Liquid Funds can also help you rebalance your portfolio in line with changing financial conditions as well as market conditions. For instance, if your financial goal is nearing, or if your equity allocation has breached the upper end of the targeted allocation amid a market rally, you can consider gradually shifting allocation from your equity mutual fund investment to low-risk avenues such as Liquid Fund by setting up a Systematic Transfer Plan (STP). By doing so, you are able to safeguard your corpus from the impact of any steep market fall or intense volatility.

Similarly, if you have a lump sum amount to invest in equity mutual funds but are wary of market correction/high valuations, you can park your money in a Liquid Fund and then set up an STP to gradually transfer the investment to equity-oriented mutual funds of your choice.
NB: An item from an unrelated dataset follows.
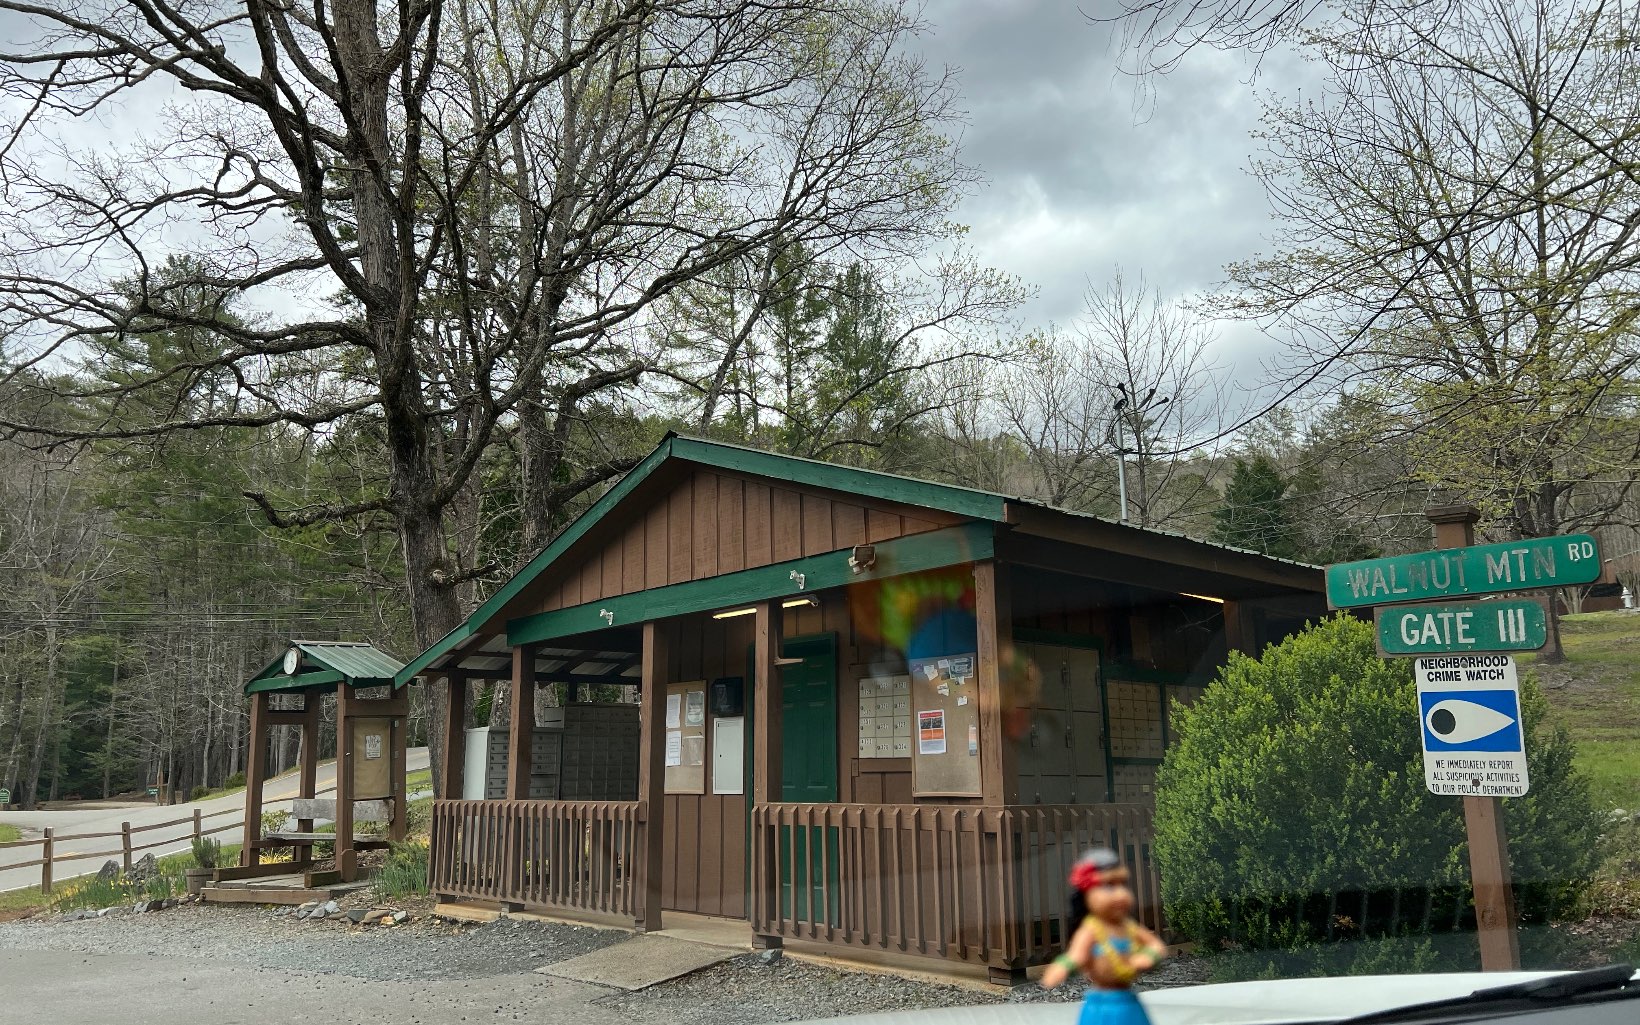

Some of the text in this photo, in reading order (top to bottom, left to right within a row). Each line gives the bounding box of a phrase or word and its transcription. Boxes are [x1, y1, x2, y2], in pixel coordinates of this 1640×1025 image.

This way, you mitigate the risk involved and won’t have to wait for the right opportunity to enter the equity market.

When you choose Liquid Funds, it is advisable to opt for schemes that strictly follow the principle of safety and avoid those schemes that chase higher returns by taking higher credit risk.

As an investor, these are a few crucial questions to look into to ensure that your money is parked in a Liquid Fund:

  • Is the quality of the securities held in the portfolio reliable?
  • What if the rating assigned to a particular debt paper slips; does the fund house have adequate risk management measures in place in such a case?
  • Is the fund manager compromising on the ‘liquidity’ aspects?

To conclude…

You would be better off investing in a Liquid Fund that invests predominantly in Government securities, Treasury Bills, and securities issued by top-rated Public Sector Undertakings (PSUs). These securities carry low credit risk and are liquid, thus helping you avoid default risk.